• Records to use
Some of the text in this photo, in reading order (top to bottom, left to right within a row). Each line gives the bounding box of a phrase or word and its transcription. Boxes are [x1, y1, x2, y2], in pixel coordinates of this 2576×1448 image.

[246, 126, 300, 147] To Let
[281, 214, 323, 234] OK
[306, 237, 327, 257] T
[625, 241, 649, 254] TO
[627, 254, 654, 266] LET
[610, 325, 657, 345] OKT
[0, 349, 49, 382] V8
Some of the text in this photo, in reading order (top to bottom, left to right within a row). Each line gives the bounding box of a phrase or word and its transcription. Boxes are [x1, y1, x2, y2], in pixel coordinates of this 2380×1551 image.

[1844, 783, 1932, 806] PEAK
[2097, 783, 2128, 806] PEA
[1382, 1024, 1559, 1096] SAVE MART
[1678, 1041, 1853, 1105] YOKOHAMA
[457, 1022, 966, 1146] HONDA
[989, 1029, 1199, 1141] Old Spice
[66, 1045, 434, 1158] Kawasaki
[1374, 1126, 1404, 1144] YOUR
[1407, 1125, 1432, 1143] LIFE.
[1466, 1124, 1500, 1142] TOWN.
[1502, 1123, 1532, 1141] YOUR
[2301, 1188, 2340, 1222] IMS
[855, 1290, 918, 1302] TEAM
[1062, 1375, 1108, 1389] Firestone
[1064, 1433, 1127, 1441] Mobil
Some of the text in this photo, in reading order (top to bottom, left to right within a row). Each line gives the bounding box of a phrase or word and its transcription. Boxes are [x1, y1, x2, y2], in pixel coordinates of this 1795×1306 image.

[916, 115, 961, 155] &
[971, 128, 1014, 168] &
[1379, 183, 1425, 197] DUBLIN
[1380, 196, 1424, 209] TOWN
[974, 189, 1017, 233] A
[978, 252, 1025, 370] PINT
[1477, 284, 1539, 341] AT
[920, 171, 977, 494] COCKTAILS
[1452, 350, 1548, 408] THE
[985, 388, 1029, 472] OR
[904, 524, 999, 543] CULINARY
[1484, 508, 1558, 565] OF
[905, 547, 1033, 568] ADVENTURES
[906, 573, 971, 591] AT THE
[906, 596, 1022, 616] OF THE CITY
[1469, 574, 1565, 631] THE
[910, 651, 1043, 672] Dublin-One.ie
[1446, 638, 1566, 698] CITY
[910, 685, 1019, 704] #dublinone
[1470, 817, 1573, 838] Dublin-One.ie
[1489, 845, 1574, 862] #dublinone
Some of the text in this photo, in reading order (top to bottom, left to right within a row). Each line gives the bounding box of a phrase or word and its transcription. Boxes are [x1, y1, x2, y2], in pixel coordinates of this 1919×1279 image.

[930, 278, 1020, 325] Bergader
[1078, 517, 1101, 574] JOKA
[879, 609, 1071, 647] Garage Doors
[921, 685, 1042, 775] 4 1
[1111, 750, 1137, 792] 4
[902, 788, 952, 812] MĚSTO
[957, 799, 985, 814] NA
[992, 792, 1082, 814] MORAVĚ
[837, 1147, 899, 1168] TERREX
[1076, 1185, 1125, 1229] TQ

• What is required
All of the material above is to be repeated exactly.

• Result for this exercise
Some of the text in this photo, in reading order (top to bottom, left to right within a row). Each line gives the bounding box of a phrase or word and its transcription. Boxes are [x1, y1, x2, y2], in pixel coordinates of this 2576×1448 image.

[246, 126, 300, 147] To Let
[281, 214, 323, 234] OK
[306, 237, 327, 257] T
[625, 241, 649, 254] TO
[627, 254, 654, 266] LET
[610, 325, 657, 345] OKT
[0, 349, 49, 382] V8
Some of the text in this photo, in reading order (top to bottom, left to right within a row). Each line gives the bounding box of a phrase or word and its transcription. Boxes are [x1, y1, x2, y2], in pixel coordinates of this 2380×1551 image.

[1844, 783, 1932, 806] PEAK
[2097, 783, 2128, 806] PEA
[1382, 1024, 1559, 1096] SAVE MART
[1678, 1041, 1853, 1105] YOKOHAMA
[457, 1022, 966, 1146] HONDA
[989, 1029, 1199, 1141] Old Spice
[66, 1045, 434, 1158] Kawasaki
[1374, 1126, 1404, 1144] YOUR
[1407, 1125, 1432, 1143] LIFE.
[1466, 1124, 1500, 1142] TOWN.
[1502, 1123, 1532, 1141] YOUR
[2301, 1188, 2340, 1222] IMS
[855, 1290, 918, 1302] TEAM
[1062, 1375, 1108, 1389] Firestone
[1064, 1433, 1127, 1441] Mobil
Some of the text in this photo, in reading order (top to bottom, left to right within a row). Each line gives the bounding box of a phrase or word and its transcription. Boxes are [x1, y1, x2, y2], in pixel coordinates of this 1795×1306 image.

[916, 115, 961, 155] &
[971, 128, 1014, 168] &
[1379, 183, 1425, 197] DUBLIN
[1380, 196, 1424, 209] TOWN
[974, 189, 1017, 233] A
[978, 252, 1025, 370] PINT
[1477, 284, 1539, 341] AT
[920, 171, 977, 494] COCKTAILS
[1452, 350, 1548, 408] THE
[985, 388, 1029, 472] OR
[904, 524, 999, 543] CULINARY
[1484, 508, 1558, 565] OF
[905, 547, 1033, 568] ADVENTURES
[906, 573, 971, 591] AT THE
[906, 596, 1022, 616] OF THE CITY
[1469, 574, 1565, 631] THE
[910, 651, 1043, 672] Dublin-One.ie
[1446, 638, 1566, 698] CITY
[910, 685, 1019, 704] #dublinone
[1470, 817, 1573, 838] Dublin-One.ie
[1489, 845, 1574, 862] #dublinone
Some of the text in this photo, in reading order (top to bottom, left to right within a row). Each line gives the bounding box of a phrase or word and its transcription. Boxes are [x1, y1, x2, y2], in pixel coordinates of this 1919×1279 image.

[930, 278, 1020, 325] Bergader
[1078, 517, 1101, 574] JOKA
[879, 609, 1071, 647] Garage Doors
[921, 685, 1042, 775] 4 1
[1111, 750, 1137, 792] 4
[902, 788, 952, 812] MĚSTO
[957, 799, 985, 814] NA
[992, 792, 1082, 814] MORAVĚ
[837, 1147, 899, 1168] TERREX
[1076, 1185, 1125, 1229] TQ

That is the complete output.